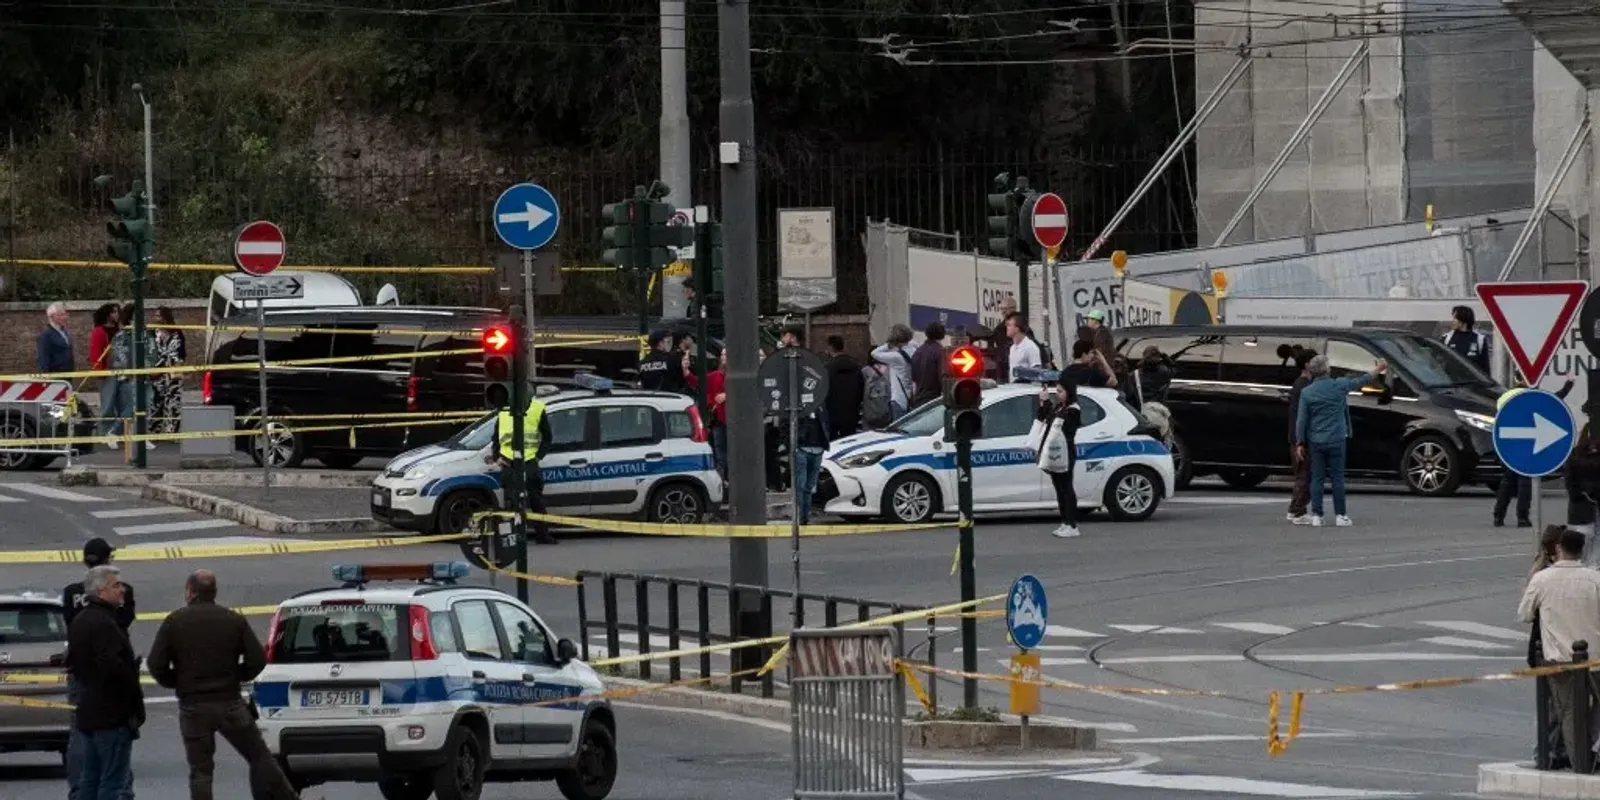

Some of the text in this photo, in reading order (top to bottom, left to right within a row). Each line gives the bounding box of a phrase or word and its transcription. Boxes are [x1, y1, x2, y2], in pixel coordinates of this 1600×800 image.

[640, 361, 668, 371] POLIZIA
[1009, 451, 1034, 461] ROM
[543, 463, 647, 480] IZIA ROMA CAPITALE
[290, 606, 326, 615] POLIZIA

+--

*WHAT TO DO*: An exact, word-for-word copy of the records is expected, with no pictures in it.

*ANSWER TO THIS TASK*:
Some of the text in this photo, in reading order (top to bottom, left to right within a row). Each line gives the bounding box of a phrase or word and its transcription. Boxes are [x1, y1, x2, y2], in pixel coordinates of this 1600×800 image.

[640, 361, 668, 371] POLIZIA
[1009, 451, 1034, 461] ROM
[543, 463, 647, 480] IZIA ROMA CAPITALE
[290, 606, 326, 615] POLIZIA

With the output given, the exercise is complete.